Siamo consapevoli di gran poche cose. E’ già tanto che siamo consapevoli di non essere consapevoli di molte cose (il famoso “So di non sapere” di Socrate) e per conto mio dobbiamo andare a ricercare il perché di molte scelte nell’analisi delle emozioni che ci attraversano.
E’ molto difficile analizzare le emozioni, non c’è dubbio, e si rischia di perdere vita a dilungarsi su questa analisi. “Vivi, invece di chiederti mille perché” può essere un’osservazione sensata. Allora il mio monito semplicistico è questo: se volete vivere senza pensarci su nessuno vi vieta di farlo, forse è il modo più semplice per vivere e potrebbe anche essere il più gratificante. Ma se avete un tarlo dentro (che è altrettanto istintivo come quello di chi vive “senza pensarci su molto”) che vi porta a ricercare la cause delle vostre gesta spostate il vostro punto di vista sulle emozioni. Sono quelle che spiegano molte cose, pure la sfera sessuale tanto importante per Freud. Purtroppo sono molto complesse e probabilmente è per quello che Jung, che era consapevole di ciò, alla fine diceva che facciamo fatica a comprendere anche la minima parte di noi stessi.
Cosa abbiano a che fare le emozioni con lo sport ci sto impiegando un sito e circa 1600 articoli per tentare di spiegarlo. In questi tentativi sono decisamente goffo e patetico però vorrei passare come per quello che ha tentato di spiegare lo sport in un modo un po’ strano e non con il cardiofrequenzimetro o con i dosaggi del testosterone che purtroppo sono considerati troppo spesso anche nella preparazione degli atleti.
E’ chiaro che se tu parti dall’analisi delle emozioni puoi arrivare anche a scoperte un po’ scomode che limitano il tuo campo d’azione nello sport. Bisogna mettersi d’accordo su ciò che è comodo e ciò che è scomodo. Se l’unica cosa comoda è il rendimento sportivo allora forse facciamo proprio bene a dosare il testosterone in modo esogeno perché quello che serve per finalità che non c’entrano con lo sport può pure darci fastidio.
Anzi, da quel punto di vista l’ormone proprio scomodo è l’ossitocina. L’ossitocina, che io ho la presunzione di definire “l’ormone intelligente” non sta certamente a guardare il rendimento sportivo. L’ossitocina ha direttamente a che fare con le emozioni e ti porta dove ci sono quelle, se lo sport non è emozionante (ed in certe circostanze purtroppo può non esserlo) ti può allontanare da quello e magari ti beffa anche andando a produrre testosterone in circostanze “sbagliate”. Ma è su questo “sbagliato” che ci giochiamo l’esistenza.

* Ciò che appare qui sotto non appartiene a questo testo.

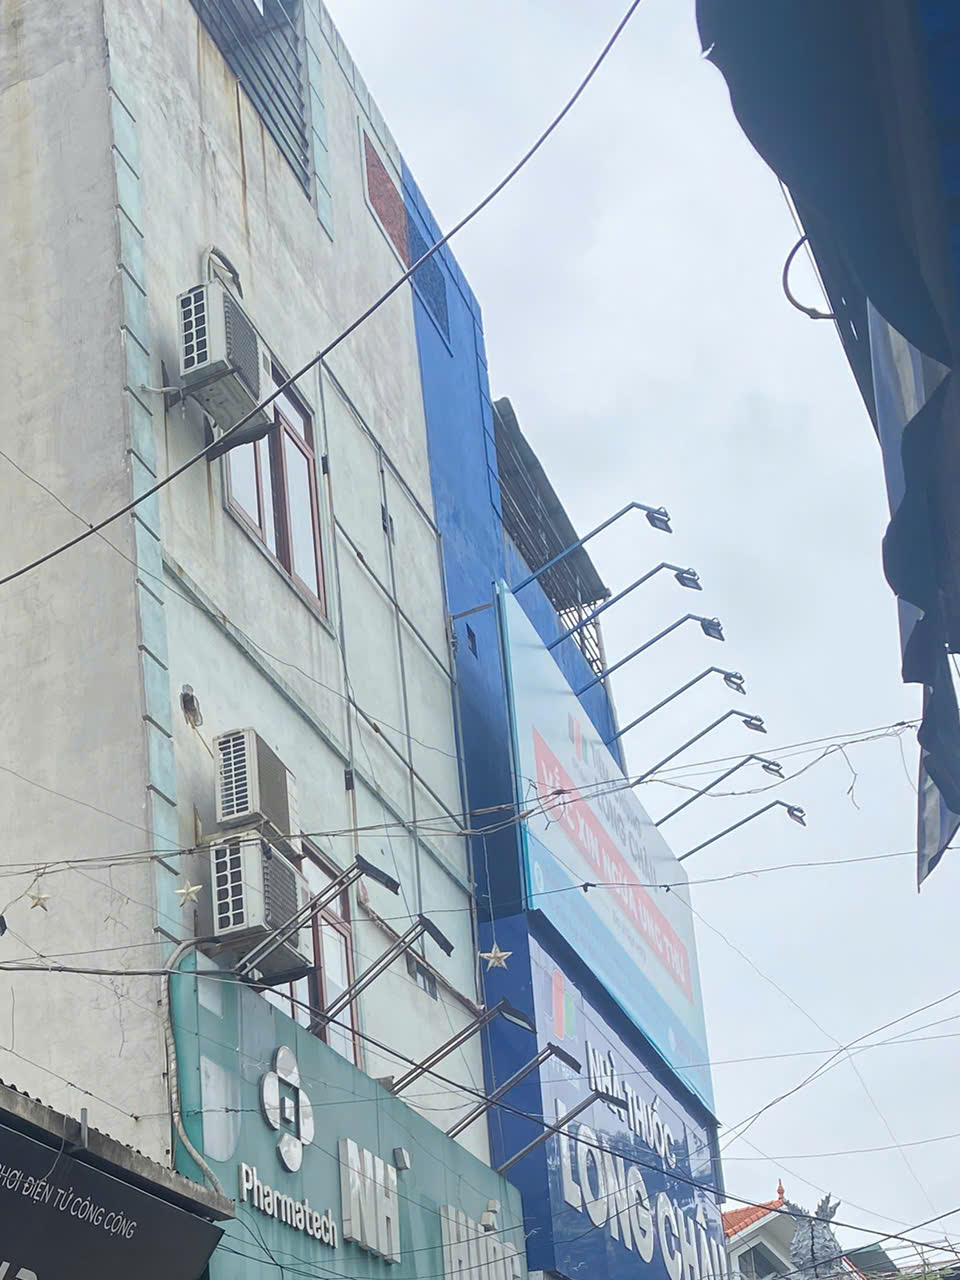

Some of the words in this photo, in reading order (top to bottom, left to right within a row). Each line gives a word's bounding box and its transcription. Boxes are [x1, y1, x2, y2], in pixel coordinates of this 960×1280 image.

[24, 1175, 52, 1205] ĐIỆN
[52, 1186, 72, 1212] TỬ
[70, 1193, 106, 1226] CÔNG
[107, 1208, 138, 1240] CỘNG
[239, 1161, 338, 1250] Pharmatech
[554, 1097, 655, 1264] LONG

Noi abbiamo la presunzione di definire sbagliate certe scelte compiute in modo decisamente inconsapevole che ci condizionano l’esistenza più di altre che sono state debitamente ponderate. Poi, se andiamo ad analizzare bene, scopriamo che le scelte inconsce sono state ancora più azzeccate di quelle consce ma di questo ce ne accorgiamo solo dopo.

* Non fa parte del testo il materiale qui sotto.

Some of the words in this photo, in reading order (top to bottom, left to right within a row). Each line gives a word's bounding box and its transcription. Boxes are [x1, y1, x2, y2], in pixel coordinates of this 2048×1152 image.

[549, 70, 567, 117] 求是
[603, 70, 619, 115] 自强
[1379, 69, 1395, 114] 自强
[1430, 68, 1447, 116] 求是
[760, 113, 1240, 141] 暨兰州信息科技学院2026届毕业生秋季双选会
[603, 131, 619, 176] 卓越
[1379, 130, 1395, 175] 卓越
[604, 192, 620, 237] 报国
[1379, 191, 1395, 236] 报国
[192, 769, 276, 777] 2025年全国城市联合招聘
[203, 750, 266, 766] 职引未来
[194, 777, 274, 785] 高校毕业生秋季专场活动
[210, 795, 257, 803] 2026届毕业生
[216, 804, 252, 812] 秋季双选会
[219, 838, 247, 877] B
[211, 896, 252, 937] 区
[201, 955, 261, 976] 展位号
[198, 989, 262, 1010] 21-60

Lasciate perdere l’aggettivo junghiano, poco ce ne frega se esiste o se me lo sono solo inventato io, ma anche quando praticate sport pensate a quanto sono importanti le vostre emozioni, quanto è giusto che condizionino la vostra esistenza e quanto è giusto che anche con lo sport andate a ricercarle più ancora dei famigerati risultati agonistici che non sono correlati in modo assolutamente diretto con le emozioni altrimenti ad ogni competizione gli ultimi classificati dovrebbero essere portati sistematicamente all’abbandono della pratica agonistica. Invece le emozioni sono intelligenti, hanno fantasia e viaggiano libere oltre ad ogni classificazione razionale. Sfruttate questa opportunità.